Life felt bleak and Cimone attempted suicide. At the urging of her neurologist, Dr. Anup Patel, she applied for a wish from the Make-A-Wish Foundation. In the spring she went to Paris for a week. Since her trip she’s only had a few seizures. Her family is amazed by the transformation.
“It’s a miracle,” Stills said. “It has meant everything to us as parents to have our daughter back.”
Cimone’s experience mirrors the findings of a study published in the journal Pediatric Research looking at the impact of Make-A-Wish wishes on children’s health. Patients who receive wishes are less likely to have unplanned hospital visits or trips to the emergency room than peers who do not receive a wish.
“If you were in the wish group you were twice as likely to have decreased healthcare utilization,” Patel, section chief of Neurology at Nationwide Children’s Hospital, and author of the paper, told TODAY. “You were two and a half times more likely to have decreased hospitalizations and 1.9 times less likely to have emergency department visits.”
Patel and his colleagues looked at 496 children who received a wish and 496 children who did not as a control group. They examined their records 12 months prior to the wish and 12 months after receiving the wish. Those who received the wish experienced improved health. What's more, it led to a decline in cost of care of $10,130 two years after the wish. These savings exceed the average cost of a wish.

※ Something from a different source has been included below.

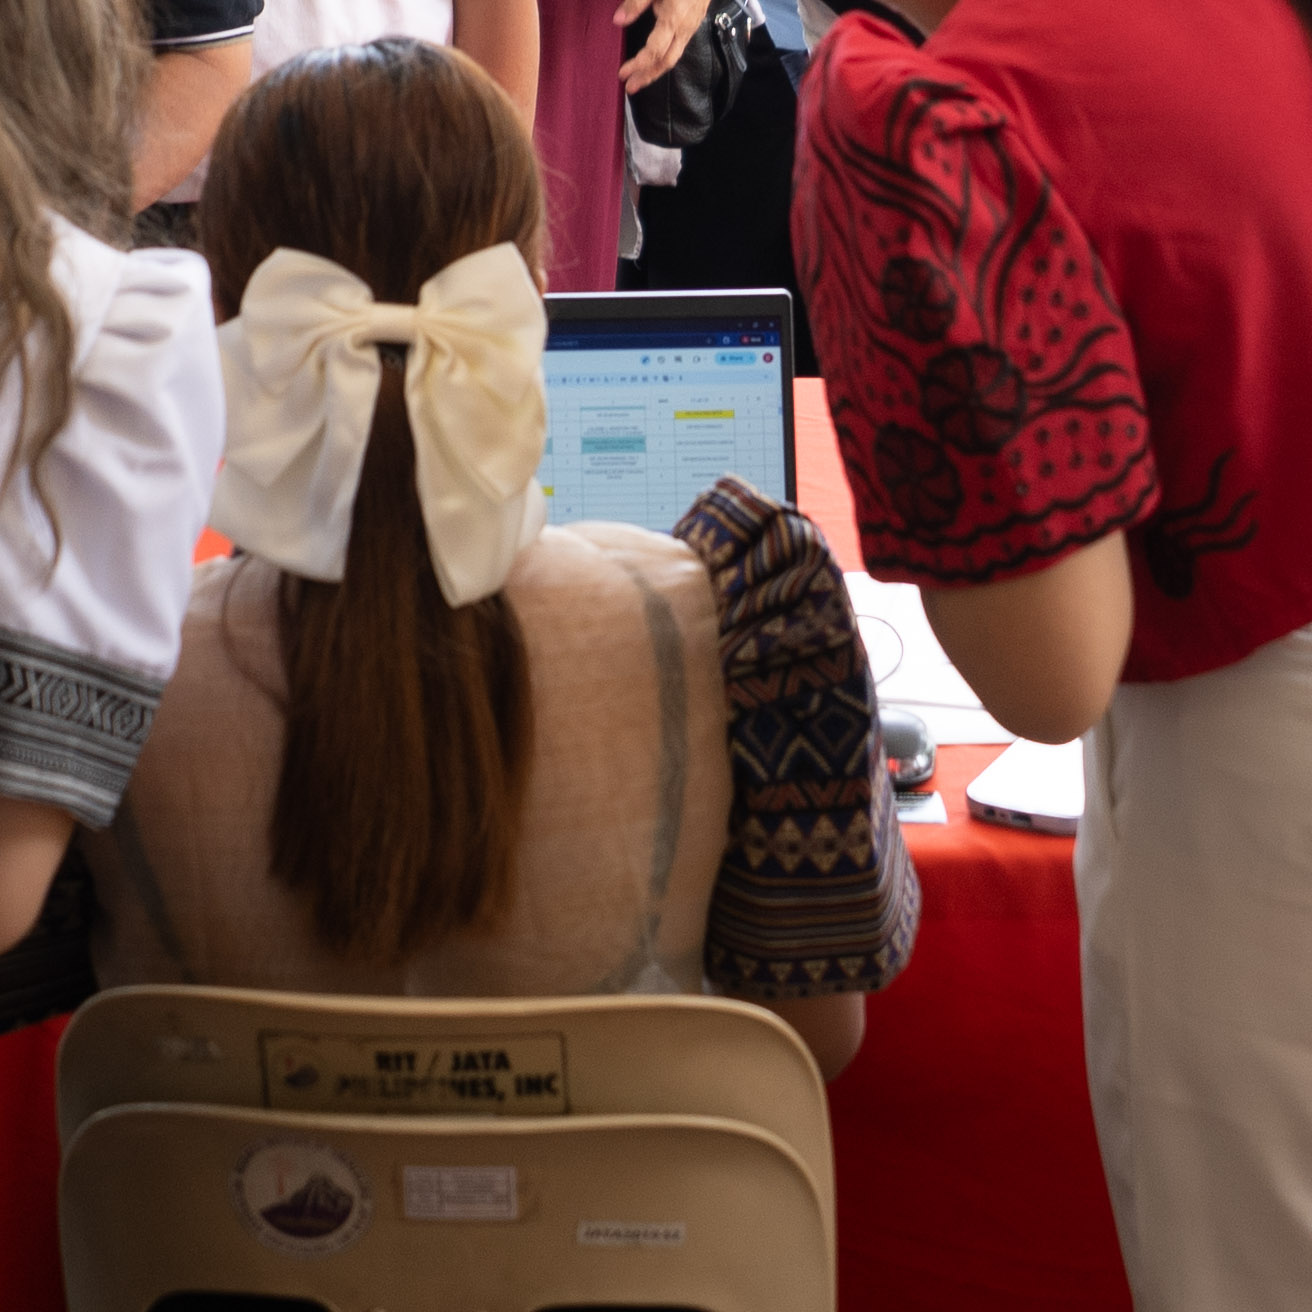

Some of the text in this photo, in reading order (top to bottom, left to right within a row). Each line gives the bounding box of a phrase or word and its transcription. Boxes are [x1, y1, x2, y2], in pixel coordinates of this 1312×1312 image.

[375, 1051, 416, 1072] RIT
[451, 1049, 511, 1072] JATA
[514, 1073, 557, 1097] INC

“It is a very, very promising study. We can use measures and outcomes and get our hands around the real positive power of the wish experience,” Dr. Jim Fahner, division chief for pediatric oncology at Helen DeVos Children’s Hospital in Grand Rapids, Michigan, who wasn’t involved in the study, told TODAY. “Our sense was that Make-A-Wish had a very extraordinary positive impact on children.”
While the study shows that wishes have bolster children’s health, why remains unknown. Patel hopes that more studies will be conducted to better understand it. He theorizes that children who receive wishes feel more in tune with their health and more connected to their parents and healthcare providers, which makes them more likely to comply with their treatments.

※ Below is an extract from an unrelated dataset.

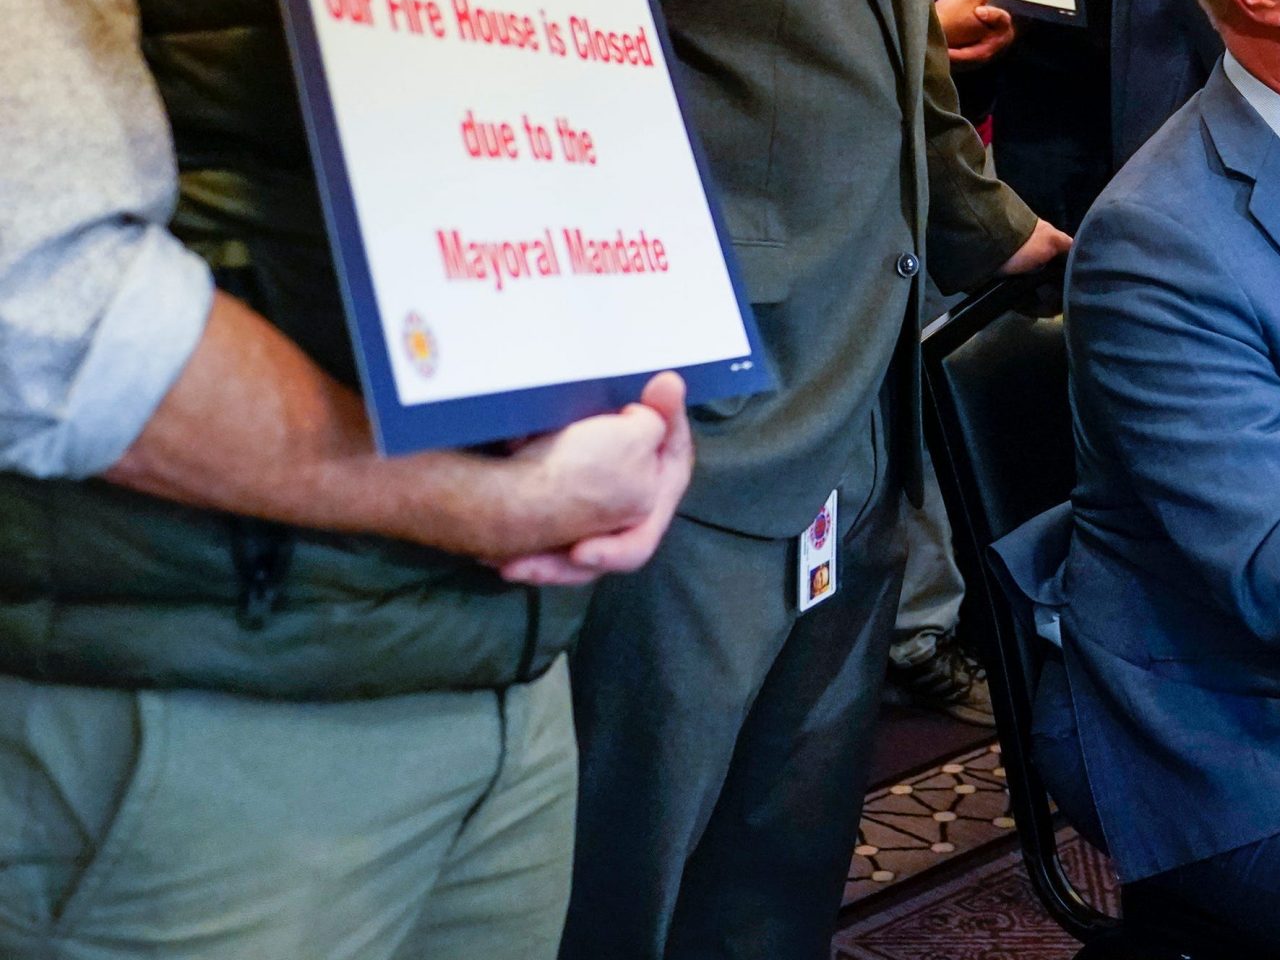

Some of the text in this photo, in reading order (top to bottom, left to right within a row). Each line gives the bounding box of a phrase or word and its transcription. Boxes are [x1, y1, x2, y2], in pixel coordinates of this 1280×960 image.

“These kids seem more empowered. They seem more hopeful. They seem more energized,” Patel said.
He suspects that any sort of similar gift from another organization would make an equally positive impact. To qualify for Make A Wish, children need to be between ages 2 and 18 and living with a "critical illness." Doctors, family members, friends or the child can request a wish, which can be anything from getting a puppy to meeting a celebrity or going on a special trip.
As for Cimone, now 15, life with fewer seizures changed her outlook. She's attending school full time again and dreams of being a neurologist.
"She is definitely thinking about her future and what life is going to look like for her as an adult," Stills said. "Make-A-Wish made a difference in my child’s life and it is incredible."